Return each entry below exactly. Skip the images.

Stored data entries —
* * * * * * * * *
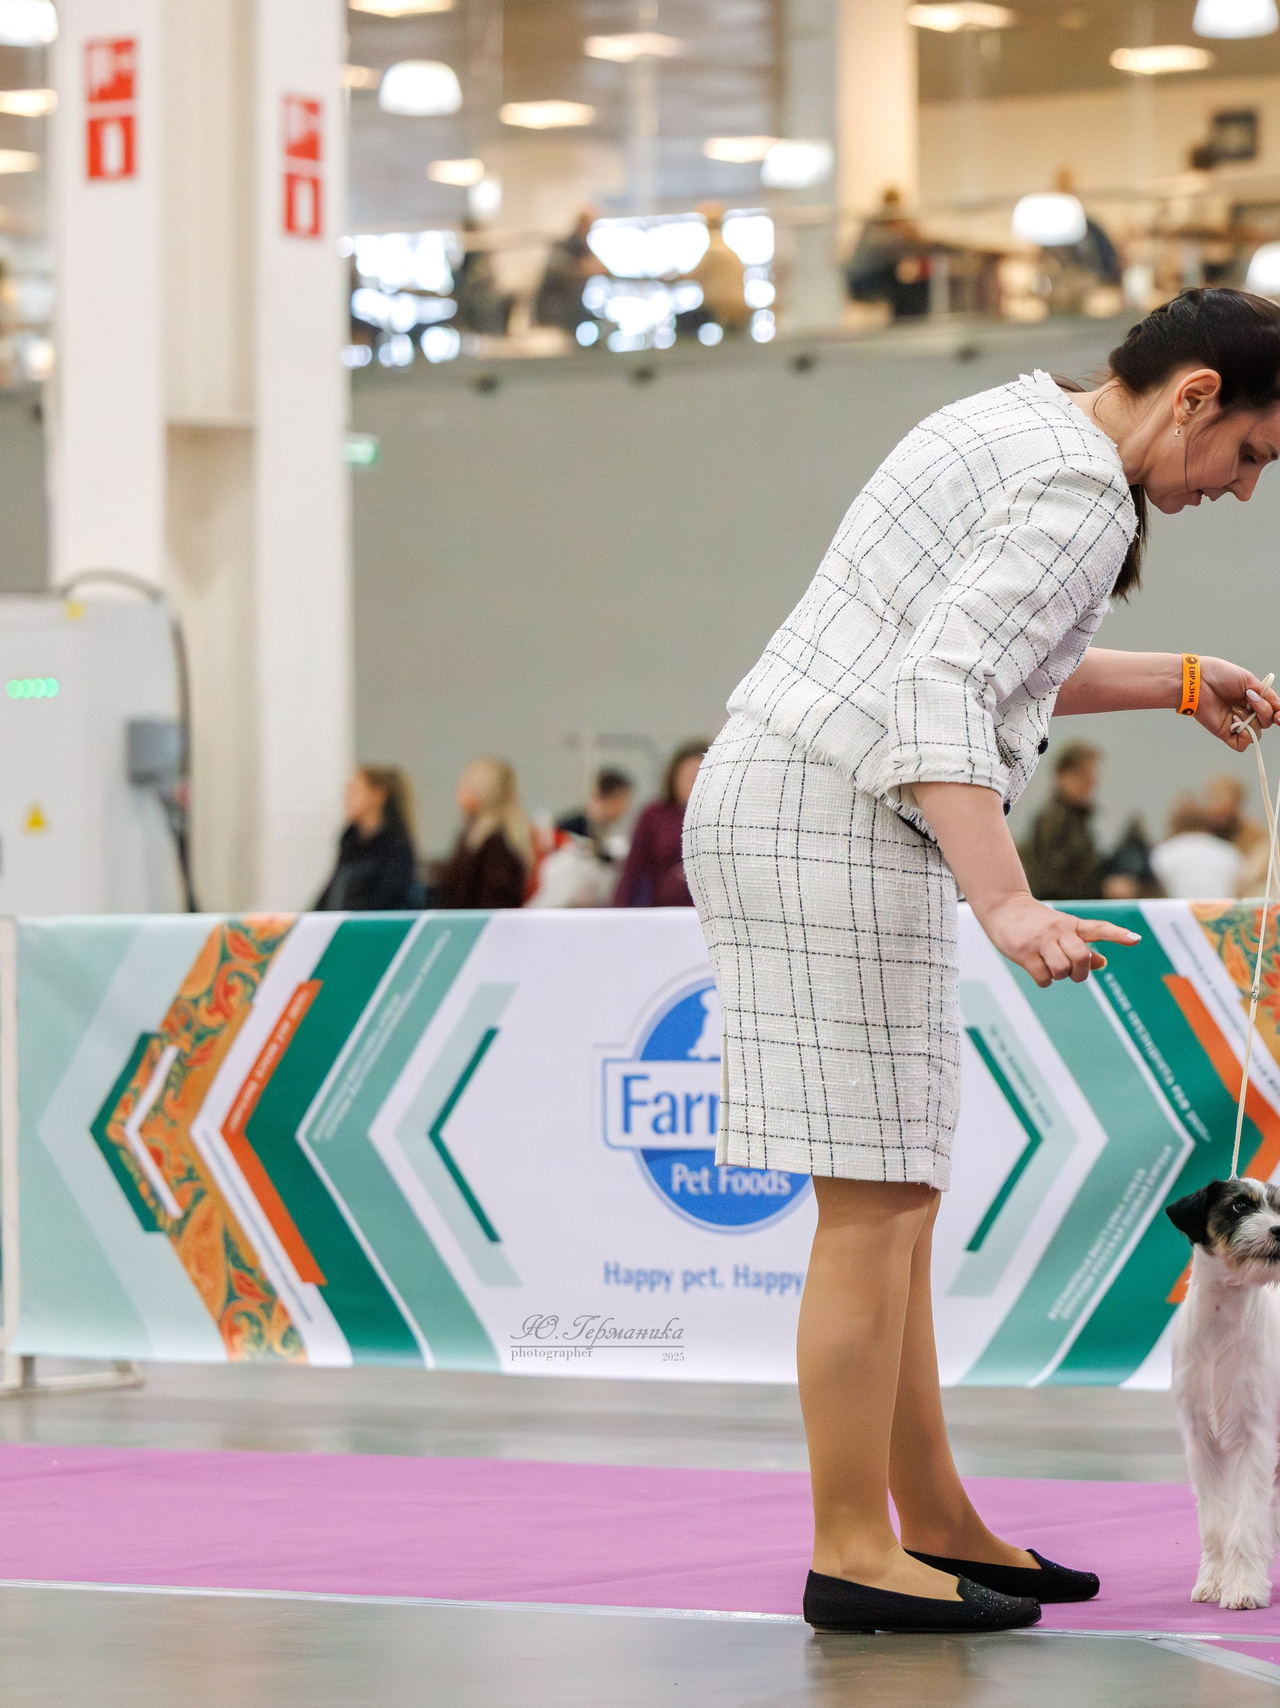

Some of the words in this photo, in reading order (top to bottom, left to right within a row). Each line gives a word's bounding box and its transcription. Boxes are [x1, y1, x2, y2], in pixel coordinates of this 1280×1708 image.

[1188, 666, 1196, 703] ЕВРАЗИЯ
[622, 1074, 720, 1135] Far
[670, 1162, 712, 1195] Pet
[718, 1165, 792, 1196] Foods
[603, 1261, 673, 1293] Happy
[682, 1264, 724, 1293] pet.
[733, 1263, 807, 1296] Happy
* * * * * * * * *
Reply to the exercise —
Some of the words in this photo, in reading order (top to bottom, left to right within a row). Each line gives a word's bounding box and its transcription. Boxes are [x1, y1, x2, y2], in pixel coordinates of this 1280×1708 image.

[1188, 666, 1196, 703] ЕВРАЗИЯ
[622, 1074, 720, 1135] Far
[670, 1162, 712, 1195] Pet
[718, 1165, 792, 1196] Foods
[603, 1261, 673, 1293] Happy
[682, 1264, 724, 1293] pet.
[733, 1263, 807, 1296] Happy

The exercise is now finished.